One Week Later: McConnell Effect Drags Down GOP

Politico ‘Campaign gold’: McConnell delivers election gift to Manchin and red-state Dems

In the week since Mitch McConnell admitted his new effort to cut Medicare and Social Security, his threat to earned benefits has shown up in campaigns across the country, putting Republican Senate candidates on defense — again.


Associated Press: Sinema on campaign blitz as Trump pushes for McSally

  • Sinema went on to attack McSally’s votes to repeal the Affordable Care Act and replace it with a law that cut protections for pre-existing conditions and was expected to boost premiums for older Americans, noting that McSally recently said she’d like to take that same vote again.


CNHI News: McConnell ‘misguided’ on Medicare reform, Donnelly says

  • McConnell then called for reforms to Medicare and Social Security, echoing comments by Ryan last year.
  • During an afternoon stop in Anderson, Donnelly, a Democrat, pledged, “I’m going to fight for Social Security and Medicare. … What we ought to do is run our government for average regular families. That’s what I try to do every day.”

The Herald Bulletin: Ken de la Bastide column: Silence not a trait Braun needs

  • Braun said he was on a “fast track” and suggested I contact his campaign staff for an interview.
  • My intent was to ask the candidate about a recent remark by Senate Majority Leader Mitch McConnell calling for reforms to Social Security and Medicare because the national debt is expected to rise by $779 billion this year.


Tampa Bay Times: Did Mitch McConnell just cut Bill Nelson a huge break by foreshadowing Medicare cuts?

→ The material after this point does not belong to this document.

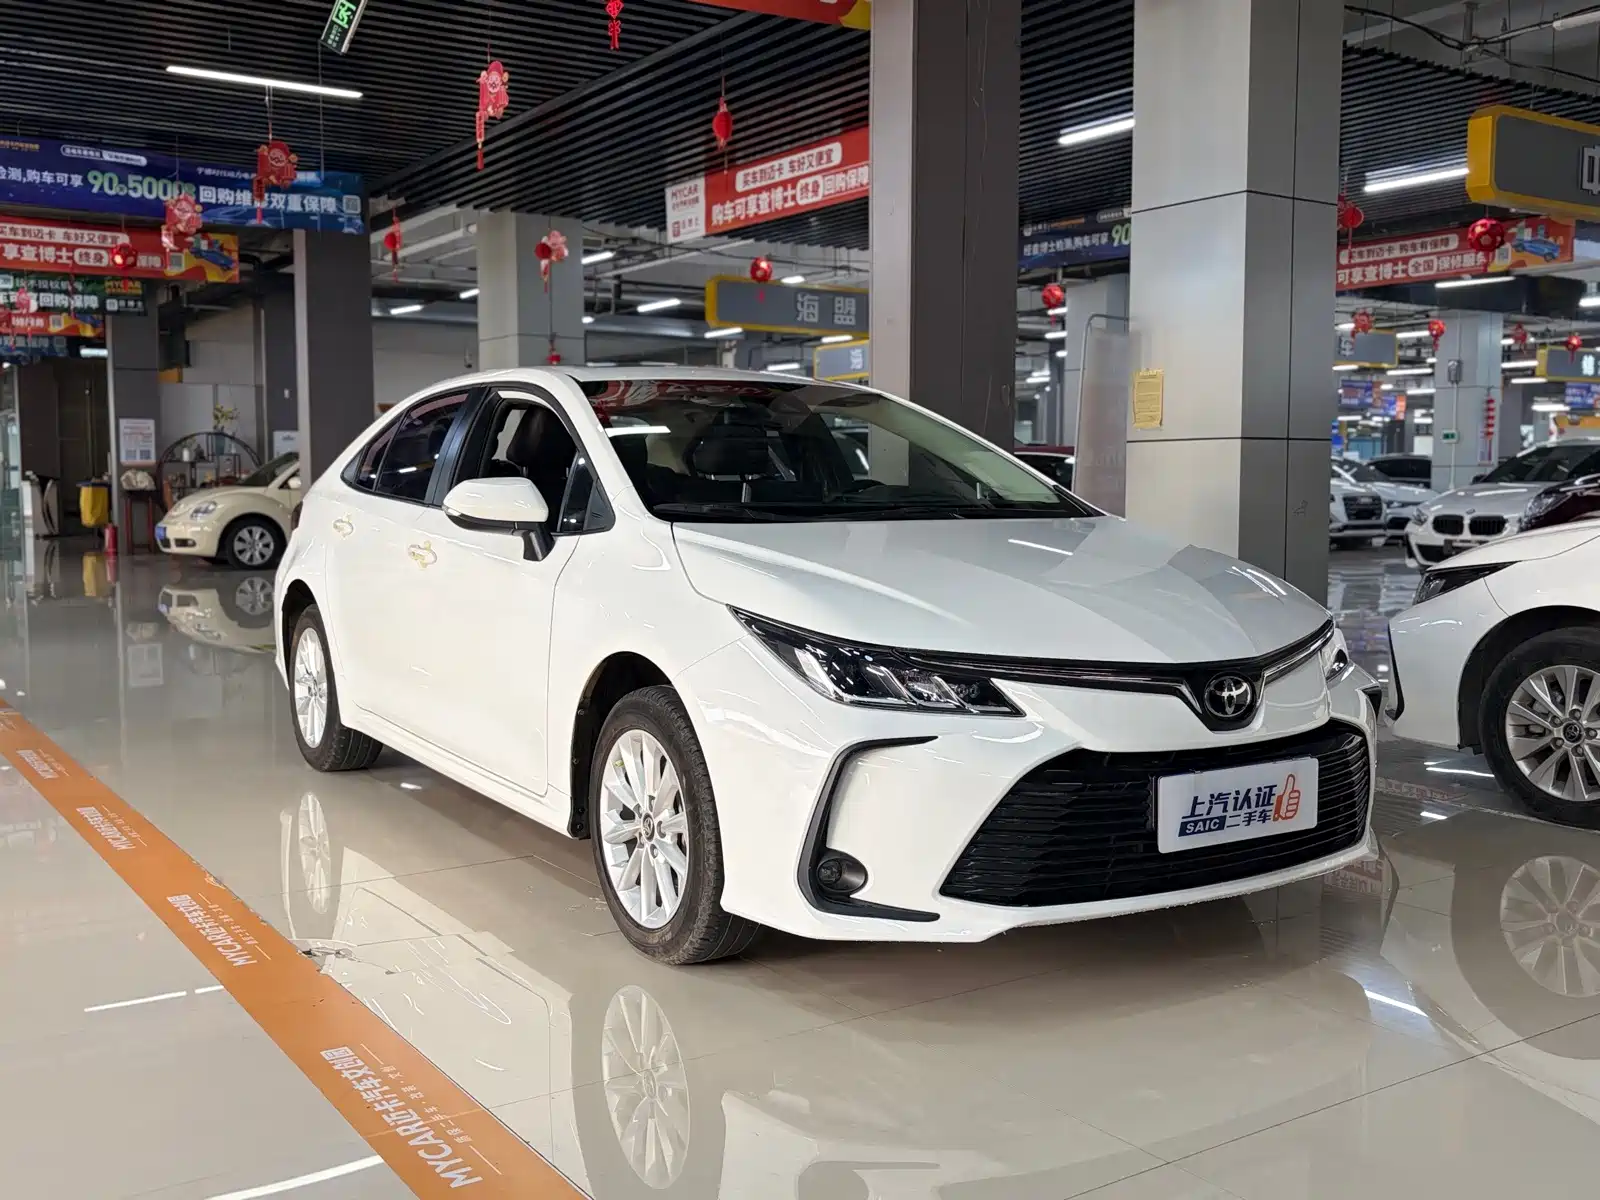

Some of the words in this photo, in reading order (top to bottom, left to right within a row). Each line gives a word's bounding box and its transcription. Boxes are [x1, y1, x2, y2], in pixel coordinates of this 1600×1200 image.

  • Majority Leader Mitch McConnell said this week that cuts to entitlement programs — Washington-speak for Medicare, Medicaid and Social Security — are necessary due to rising federal deficits.
  • Nelson doesn’t expect that will go over well in Florida, home to 1.9 million Medicare recipients and where nearly one-in-five residents retirement age or older.
  • “Mitch McConnell made a big mistake yesterday: he gave away his real intentions,” Nelson said Wednesday. “You let the seniors of this state know the Majority Leader is thinking about cutting Social Security and Medicare, they’re not going to be too happy.”


Senate Debate

Judy Woodruff: Mr. Hawley, the first question goes to you […] Senate Majority Leader Mitch McConnell has said this week that the main drivers of the deficit are entitlement programs like Social Security and Medicare, which he said should be considered for cutbacks. Do you agree – here’s the question – do you agree with Leader McConnell that Social Security and Medicare are the leading drivers of the deficit and that they have to reformed, cut back in some way, in order to get the deficit under control?


Senate Debate

Jacky Rosen: You know, I want to say what Senator Heller’s been working on – he talked about the tax bill – that tax bill added $1.8 trillion to the debt and they’re signaling now, Mitch McConnell, his friend Mitch McConnell, that they want to balance our budget on the backs of senior citizens through deep cuts to Social Security and Medicare.


Senate Debate

Sherrod Brown: I hear Congressman Renacci continue to talk about the federal budget deficit. He said he was an architect of this tax bill that went to the wealthiest people in this country and caused stock buybacks to reward corporate executives, and gave a 50 percent off coupon to companies on their taxes, for companies that shut down in Columbus and move overseas, they save 50 percent of their tax. But that blew this huge hole in the federal budget deficit, and his leaders, leaders in Congress, want to close that budget deficit by cutting Medicare and Social Security. You give tax breaks to the richest people and then you stick it to hard working Americans that have paid into Social Security and Medicare their whole lives. I think it is bad economics and it’s just wrong wrong.


Senate Debate

Moderator Jim Gardner: Senate Majority Leader Mitch McConnell is saying that because of the increasing deficit, it’s time to look at entitlements and possibly reducing Social Security and Medicare. You think that’s a good thing? You think that’s reasonable? You think that’s right?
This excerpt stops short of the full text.